46 Cent kostet der Liter Milch derzeit in deutschen Supermärkten. Was viele Verbraucher freut, treibt die Landwirte in den Ruin. Bei ihnen kommt gerade einmal die Hälfte des Verkaufspreises an – zu wenig, um wirtschaftlich zu arbeiten. Bundeslandwirtschaftsminister Christian Schmidt hat auf dem Milchgipfel eine Soforthilfe von 100 Millionen Euro versprochen. Das System Milchwirtschaft bleibt damit unangetastet. Auch die Milchkuh wird wieder einmal außen vor gelassen.
Gisela Krohn
Kranke Tiere, die auf Hochleistung gezüchtet sind, mit Kraftfutter gefüttert werden und ausschließlich im Stall stehen, gehören in der modernen Milchwirtschaft schon lange zum Alltag. Die Landwirte haben zwar unmittelbaren Einfluss auf das Wohlergehen ihrer Tiere, stehen aber in einem Abhängigkeitsverhältnis zu Molkereien, dem Handel, den Verbrauchern und schließlich der Politik. Wir alle tragen die Verantwortung dafür, wie es Milchkühen in Deutschland geht, denn eine tiergerechte Milchkuhhaltung lässt sich nur mit fairen Preisen für die Bauern realisieren. In Zeiten eines anhaltenden Überangebots an Milch bei gleichzeitig stagnierender weltweiter Nachfrage ist die Gefahr groß, dass das Wohl der Tiere ohne gesetzliche Regeln auf der Strecke bleibt. Ohne Kuh keine Milch.

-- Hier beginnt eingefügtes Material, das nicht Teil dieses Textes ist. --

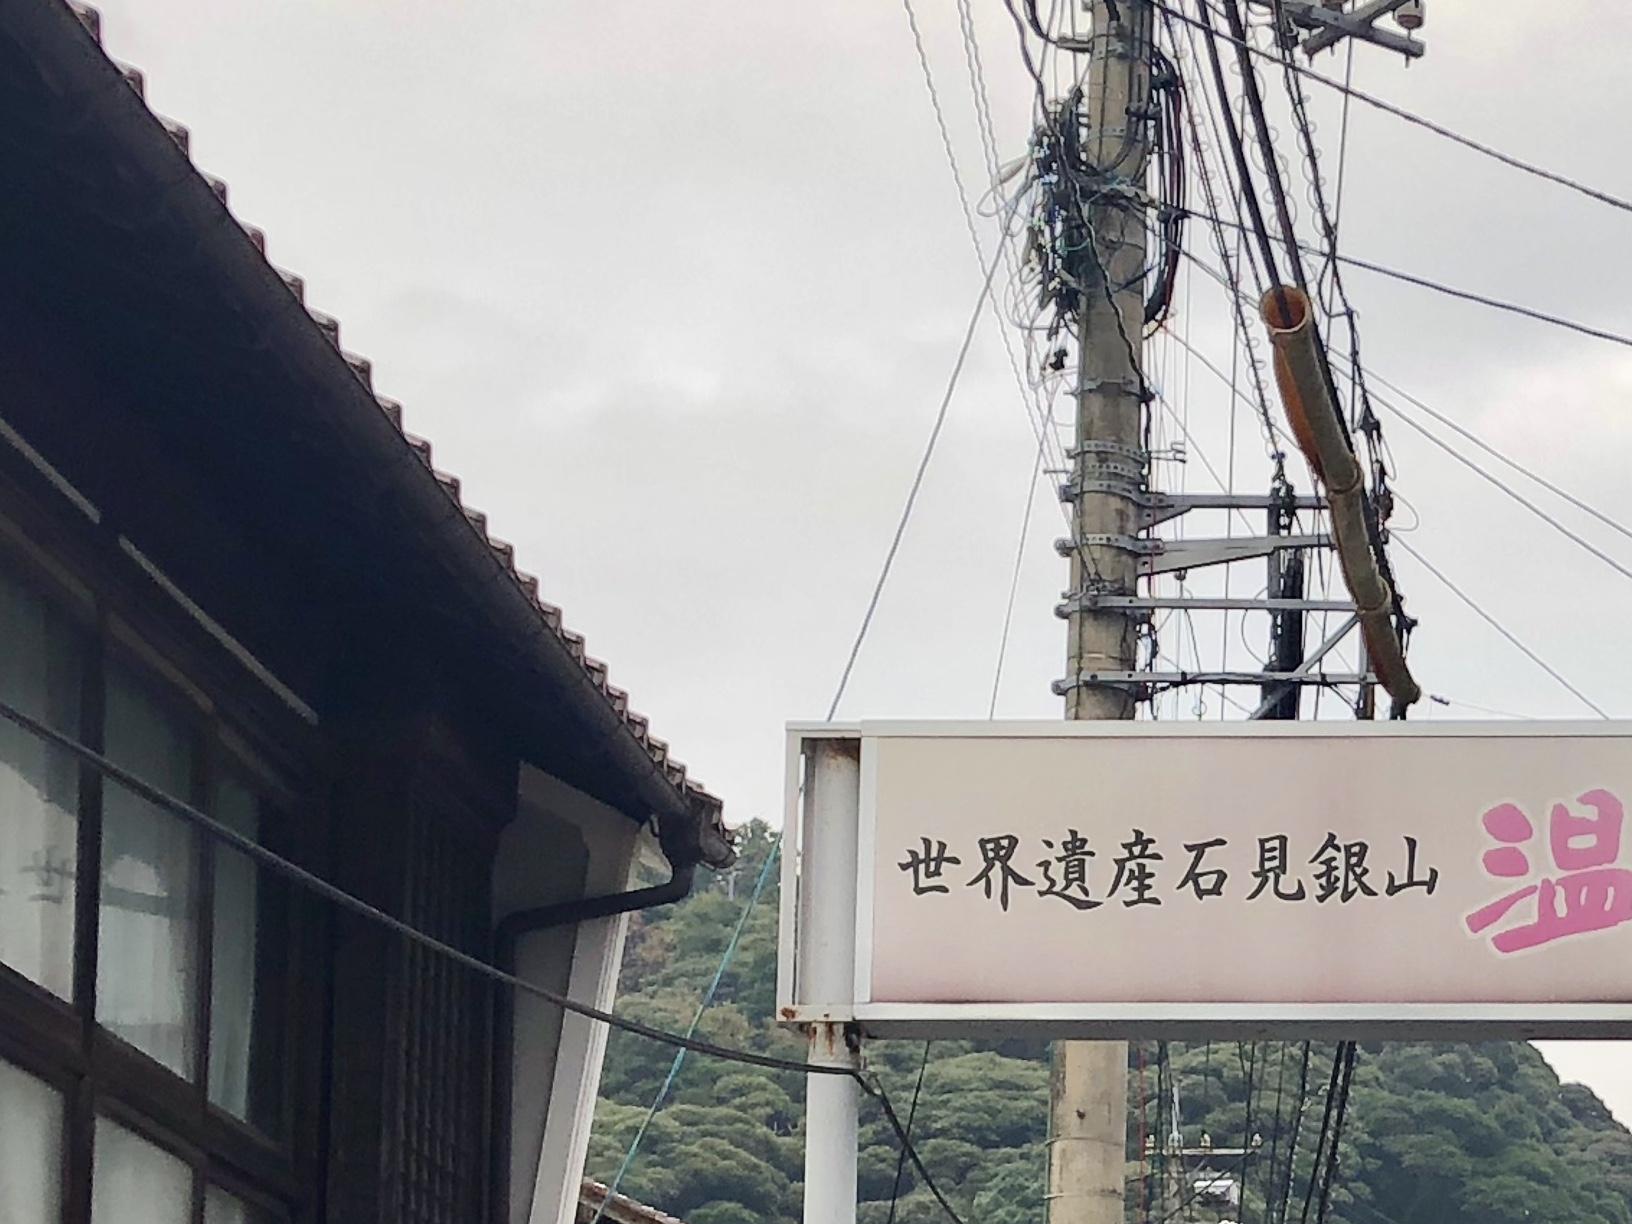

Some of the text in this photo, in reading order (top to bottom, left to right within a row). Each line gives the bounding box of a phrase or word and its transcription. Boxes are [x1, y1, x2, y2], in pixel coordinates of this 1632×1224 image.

Strukturelle Änderungen sind gefragt
Ein wichtiger Schritt für eine Neuorientierung wäre eine Haltungsverordnung für Milchkühe, die tiergerechte Mindeststandards für die Haltung der Tiere gesetzlich verankert. Hier haben wir von der Welttierschutzgesellschaft einen Entwurf erarbeitet. Dieser sieht unter anderem einen Vorrang der Weidehaltung während der Vegetationsperiode vor, die dem natürlichen Bewegungsbedürfnis der Kühe gerecht wird. Zudem ist Weidemilch auch für uns Verbraucher nachweislich gesünder.
Molkereien könnten tiergerecht arbeitende Landwirte unterstützen und mit einem Bonussystem beispielsweise die Haltung von robusten und gesunden Zweinutzungsrassen anstelle von krankheitsanfälligen Hochleistungsrindern finanziell fördern. Selbst der Landwirtschaftsminister empfiehlt einen Umstieg auf Ökolandbau, der laut seiner Aussage weniger vom Preiskampf betroffen ist. So könnte dem Überangebot an Milch auf natürliche Weise entgegengewirkt werden.
Gleichzeitig müssen Verbraucher über die Missstände in der Milchviehhaltung informiert sein und anhand einer seriösen und verbindlichen Kennzeichnung auf der Produktverpackung erkennen können, wie die Tiere gehalten werden. Umfragen zufolge sind Verbraucher bereit, mehr Geld für eine tiergerechte Milcherzeugung zu zahlen.
Die politisch und wirtschaftlich verfolgte Exportstrategie „Billig-Milch-um-jeden-Preis“ führte in eine Sackgasse und zu einem systemimmanenten Tierleid. Wenn jetzt nicht gegengesteuert wird und strukturelle Änderungen angestoßen werden, geht dies immer weiter zulasten der Tiere und der Landwirte.